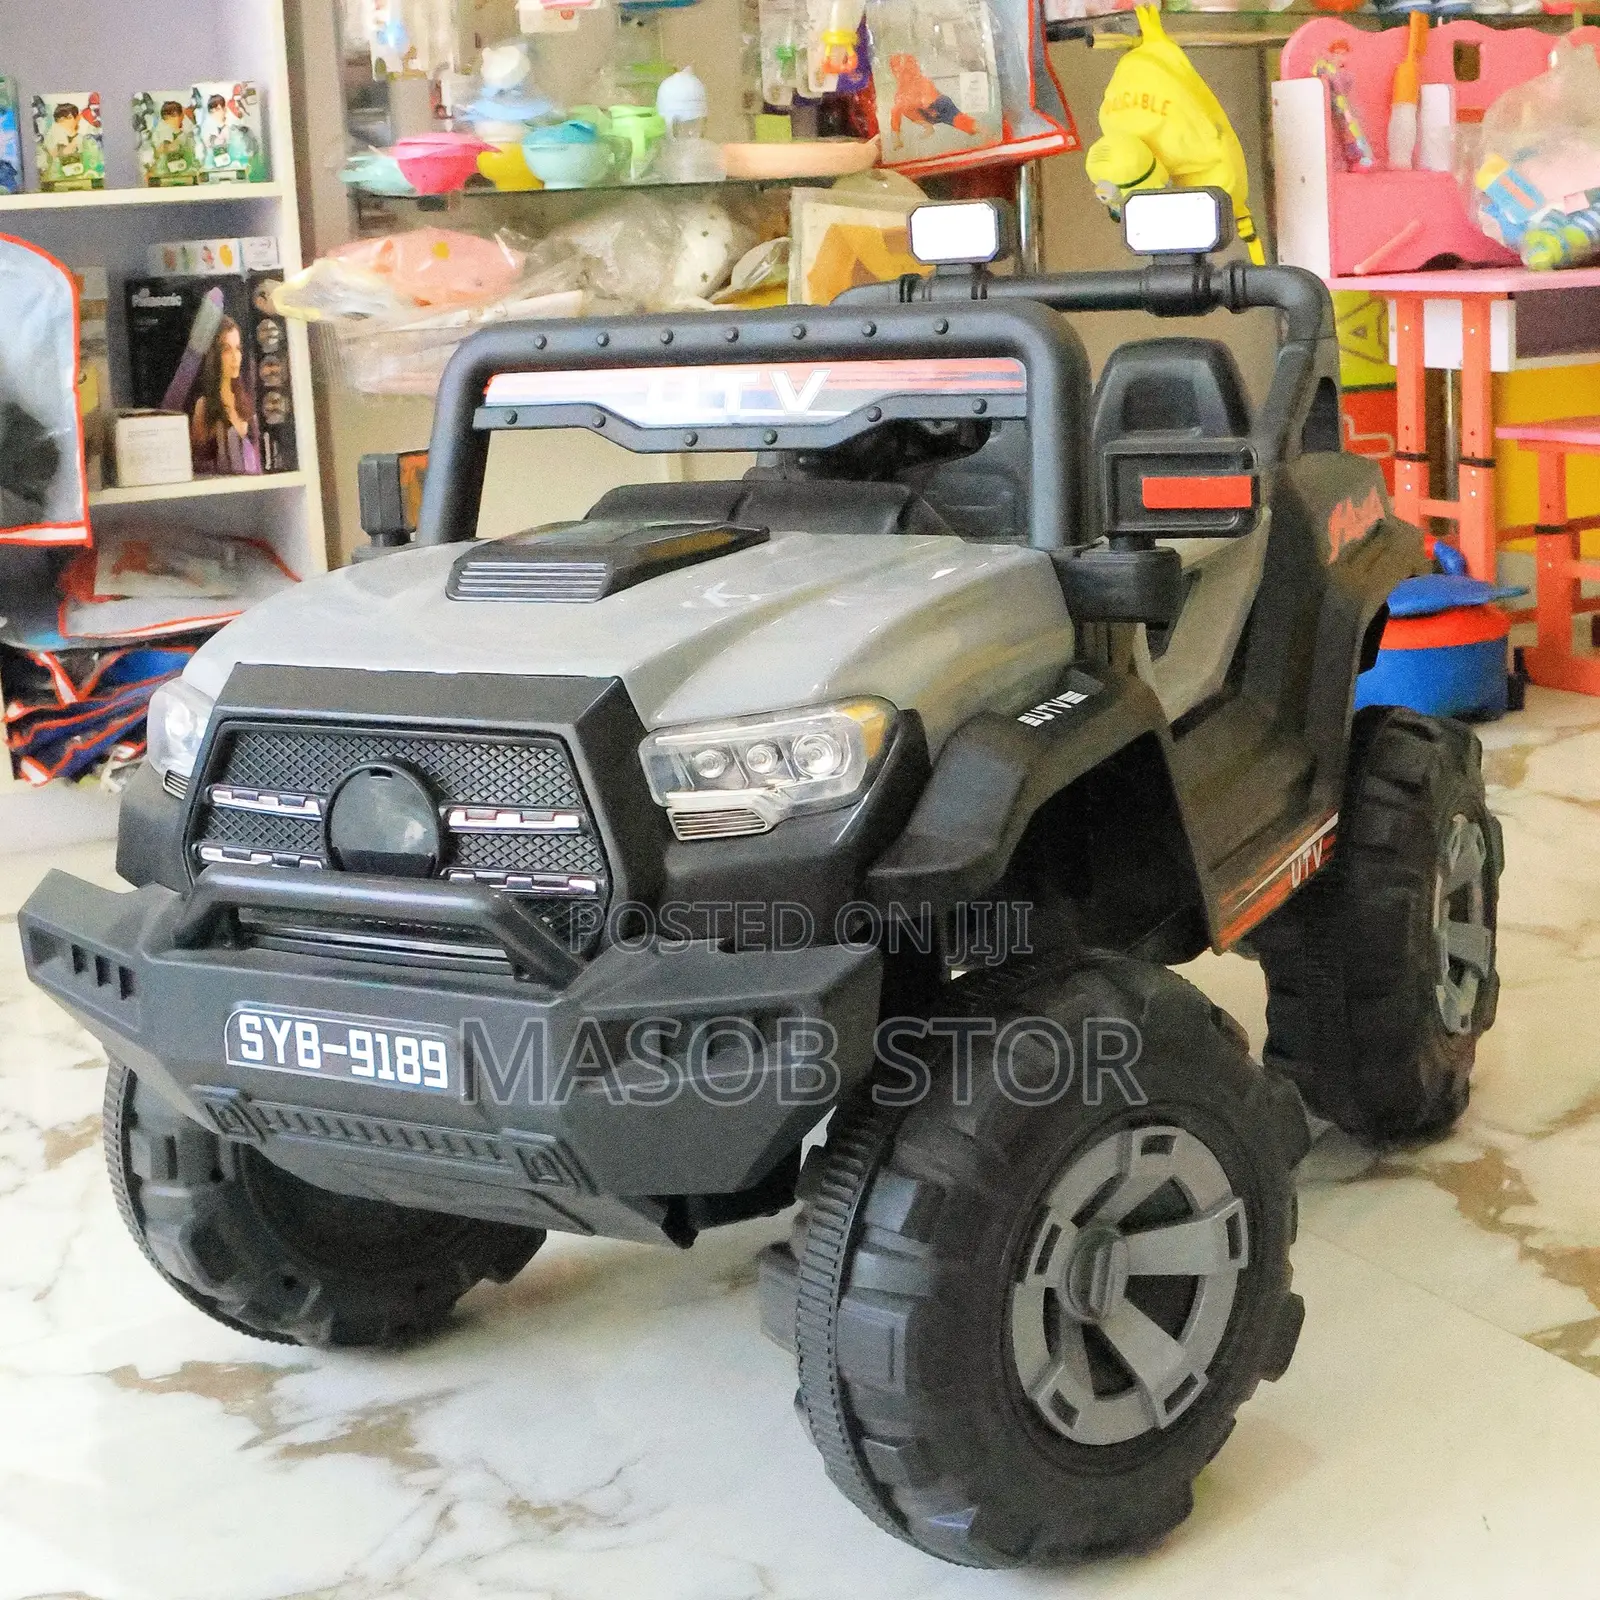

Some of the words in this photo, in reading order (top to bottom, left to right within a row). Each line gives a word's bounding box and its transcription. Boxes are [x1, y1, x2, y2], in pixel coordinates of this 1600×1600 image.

[1024, 698, 1073, 721] UTV
[1291, 836, 1324, 889] UTV
[238, 1013, 449, 1090] SYB-9189
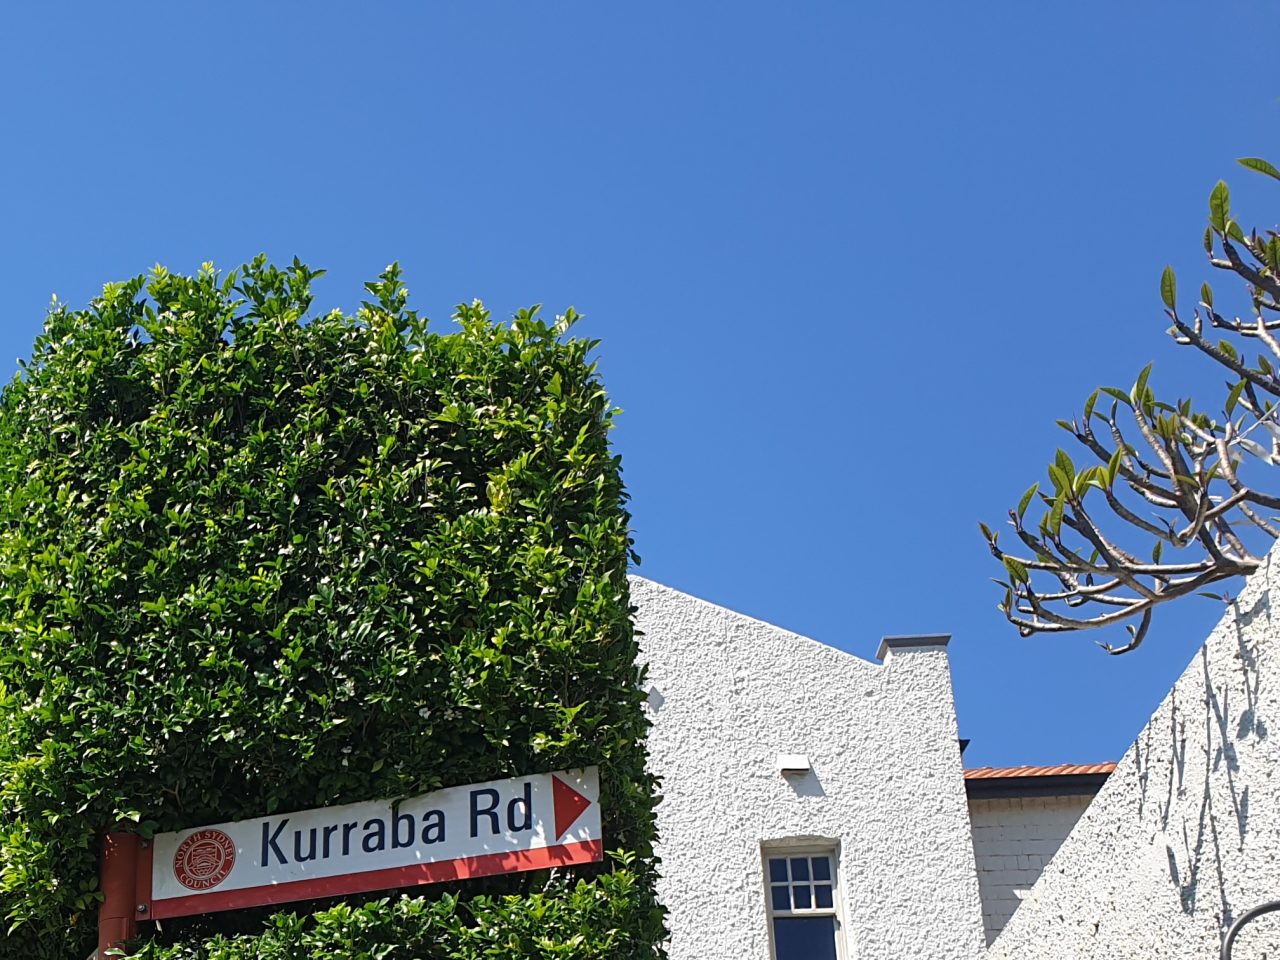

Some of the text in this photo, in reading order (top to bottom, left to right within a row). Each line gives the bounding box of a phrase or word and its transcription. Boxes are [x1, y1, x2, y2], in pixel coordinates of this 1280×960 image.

[261, 782, 532, 868] Kurraba Rd
[175, 830, 234, 868] NORTH SYDNEY
[180, 869, 228, 889] COUNCIL
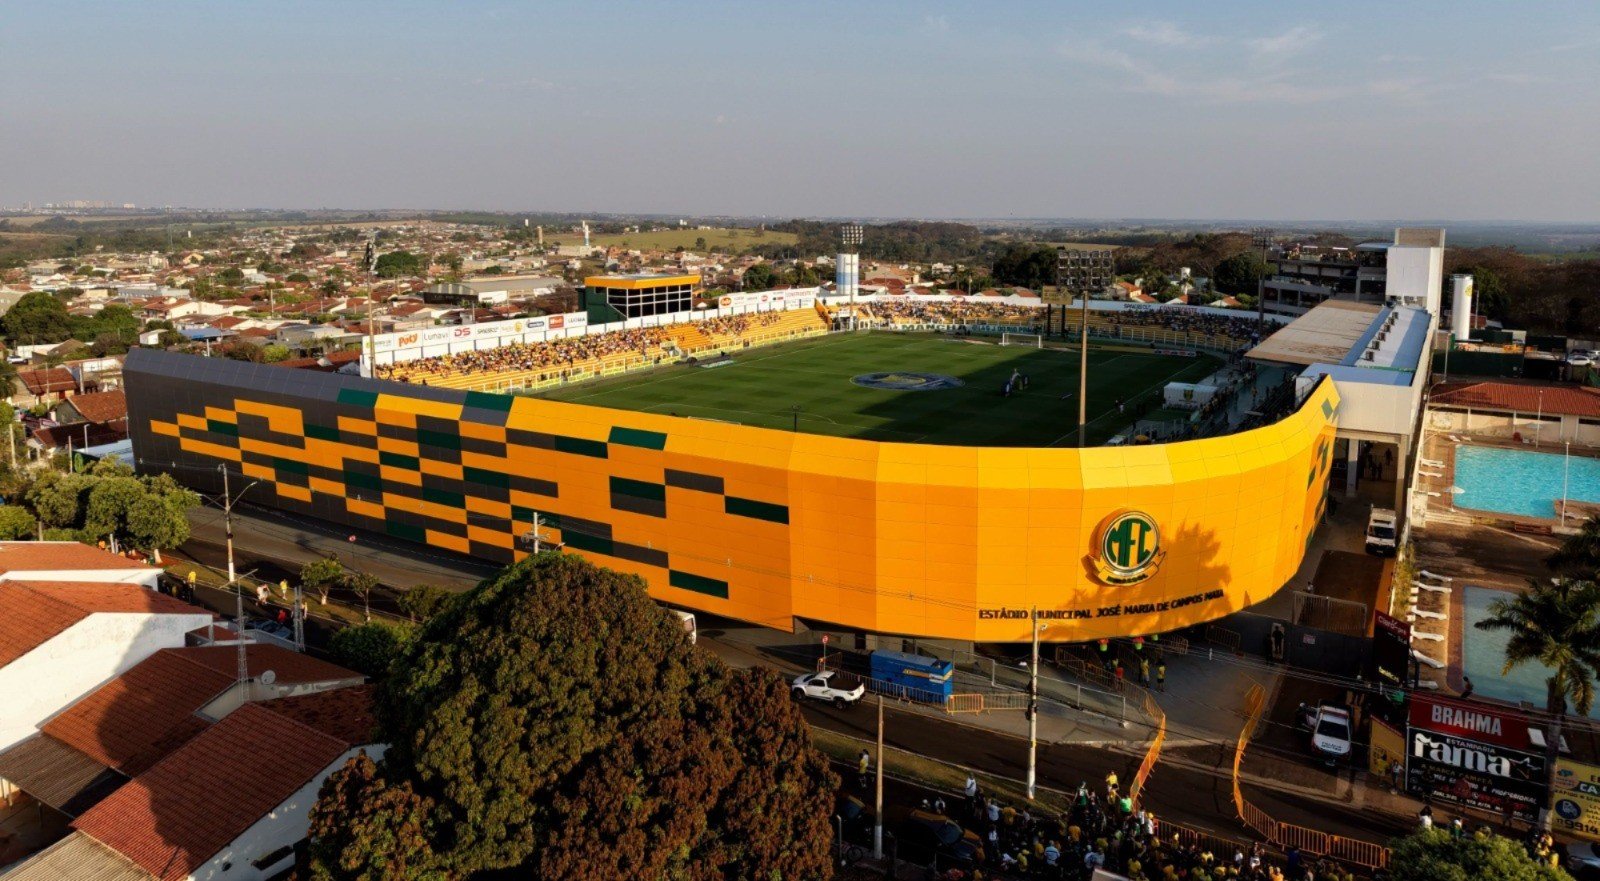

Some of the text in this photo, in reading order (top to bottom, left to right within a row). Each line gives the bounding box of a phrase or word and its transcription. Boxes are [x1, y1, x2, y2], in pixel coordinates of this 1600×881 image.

————————

▸ **Description of the task**:
Only the records, copied exactly and without pictures, should make up the answer.

▸ **Response area**:
Some of the words in this photo, in reading order (top to bottom, left to right within a row). Each line gives a word's bounding box and its transcription. Boxes are [x1, y1, x2, y2], in pixel coordinates of this 1600×1600 image.

[1024, 698, 1073, 721] UTV
[1291, 836, 1324, 889] UTV
[238, 1013, 449, 1090] SYB-9189

Some of the text in this photo, in reading order (top to bottom, left to right within a row). Each line gives the bounding box of a phrase or word and its transcription. Boxes are [x1, y1, x2, y2], in pixel coordinates of this 1280×960 image.

[261, 782, 532, 868] Kurraba Rd
[175, 830, 234, 868] NORTH SYDNEY
[180, 869, 228, 889] COUNCIL

Some of the text in this photo, in reading order (top to bottom, left to right within a row). Each line gives the bounding box of a phrase or word and its transcription. Boxes are [x1, y1, x2, y2], in pixel coordinates of this 1600×881 image.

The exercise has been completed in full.